As customer journeys grow more fragmented, leaders are grappling with a big question: how do we unify data in a way that helps teams act fast, personally, and responsibly?
This is where CRM and CDP integration becomes critical. Not a technical afterthought, but a strategic decision.
Click here to download “Ground Realities: Conversations about Customer Data” as a PDF.
Why CRM and CDP Must Work Together
CRMs are relationship systems, built to track sales conversations, account history, support interactions, and contact details.

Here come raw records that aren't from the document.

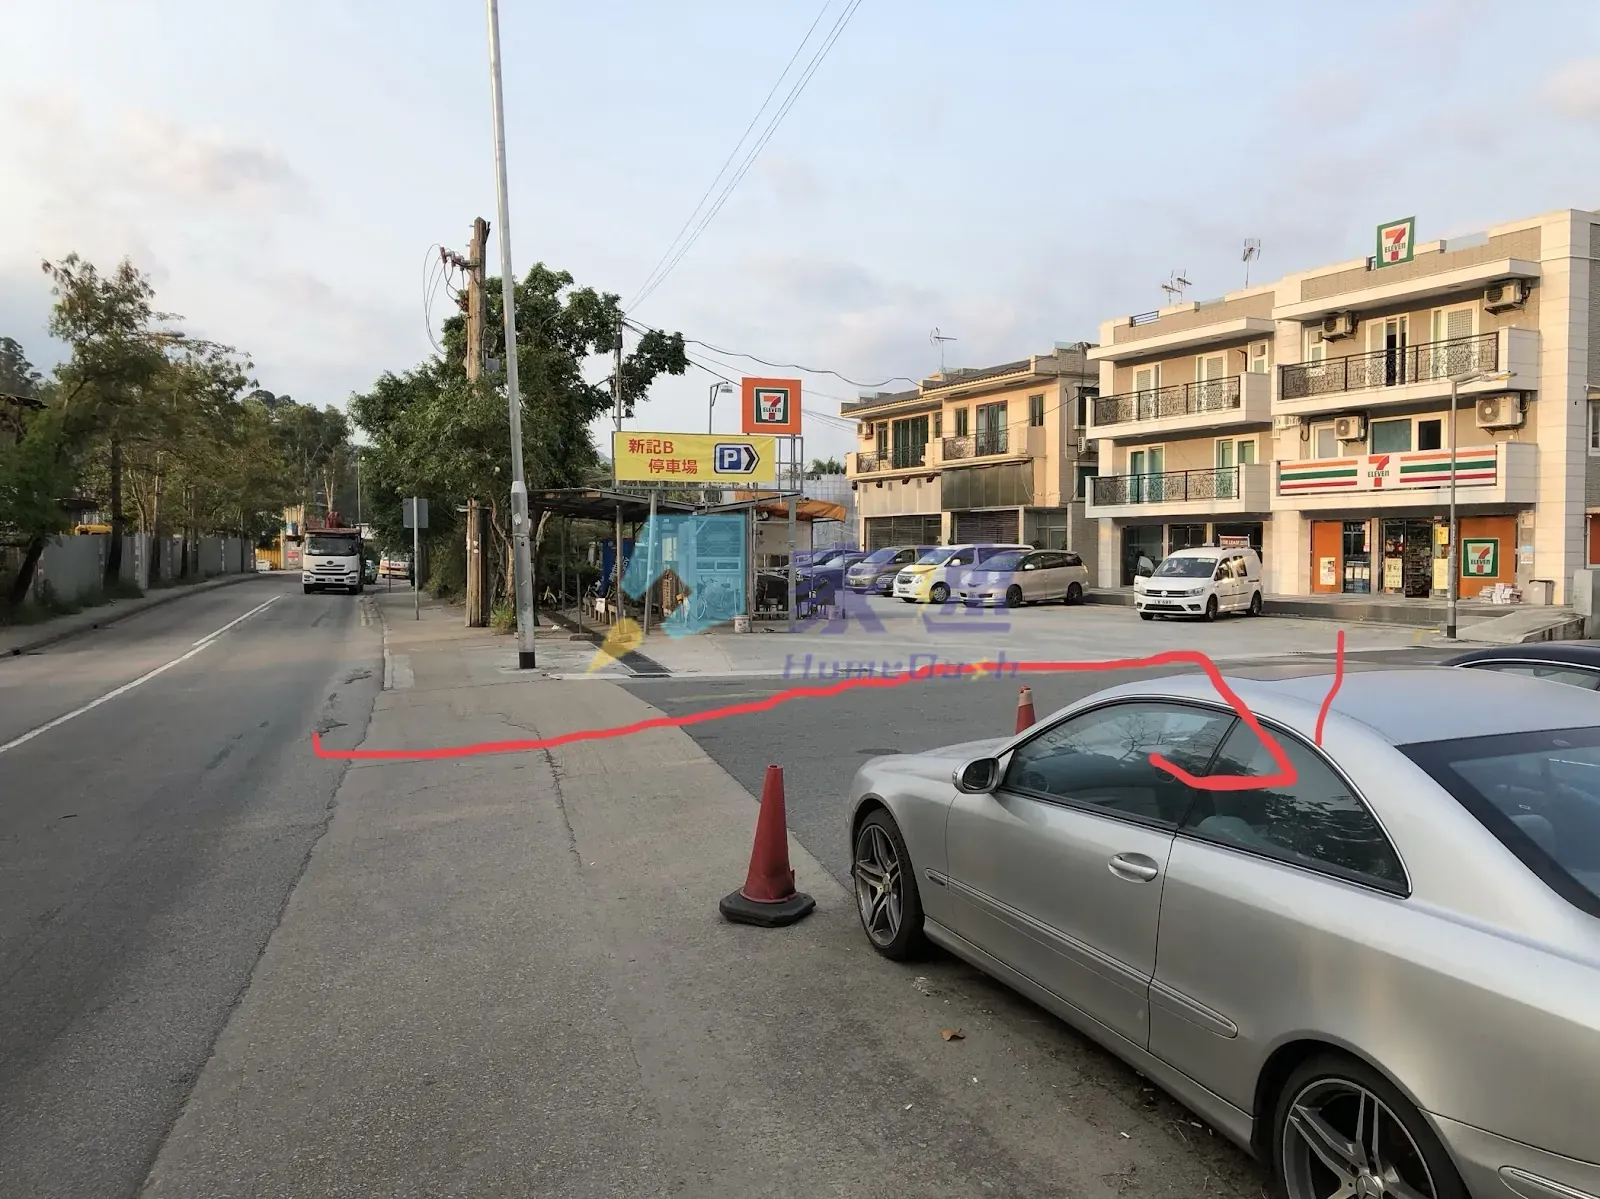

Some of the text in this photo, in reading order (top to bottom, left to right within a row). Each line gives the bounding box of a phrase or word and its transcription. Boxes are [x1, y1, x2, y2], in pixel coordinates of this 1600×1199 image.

[1385, 227, 1406, 261] 7
[763, 395, 782, 420] 7
[628, 438, 674, 455] 新記B
[723, 449, 738, 468] P
[648, 458, 698, 475] 停車場
[1368, 455, 1389, 487] 7
[1471, 546, 1490, 573] 7

CDPs are behaviour systems designed to unify signals from web, mobile, ads, apps, and third-party tools.
They each solve different problems, but the same customer is at the centre.
Without integration, CRMs miss the behavioural context needed for real-time decisions, while CDPs lack structured data about customer relationships like deal history or support issues. Each system works in isolation, limiting the quality of insights and slowing down effective action.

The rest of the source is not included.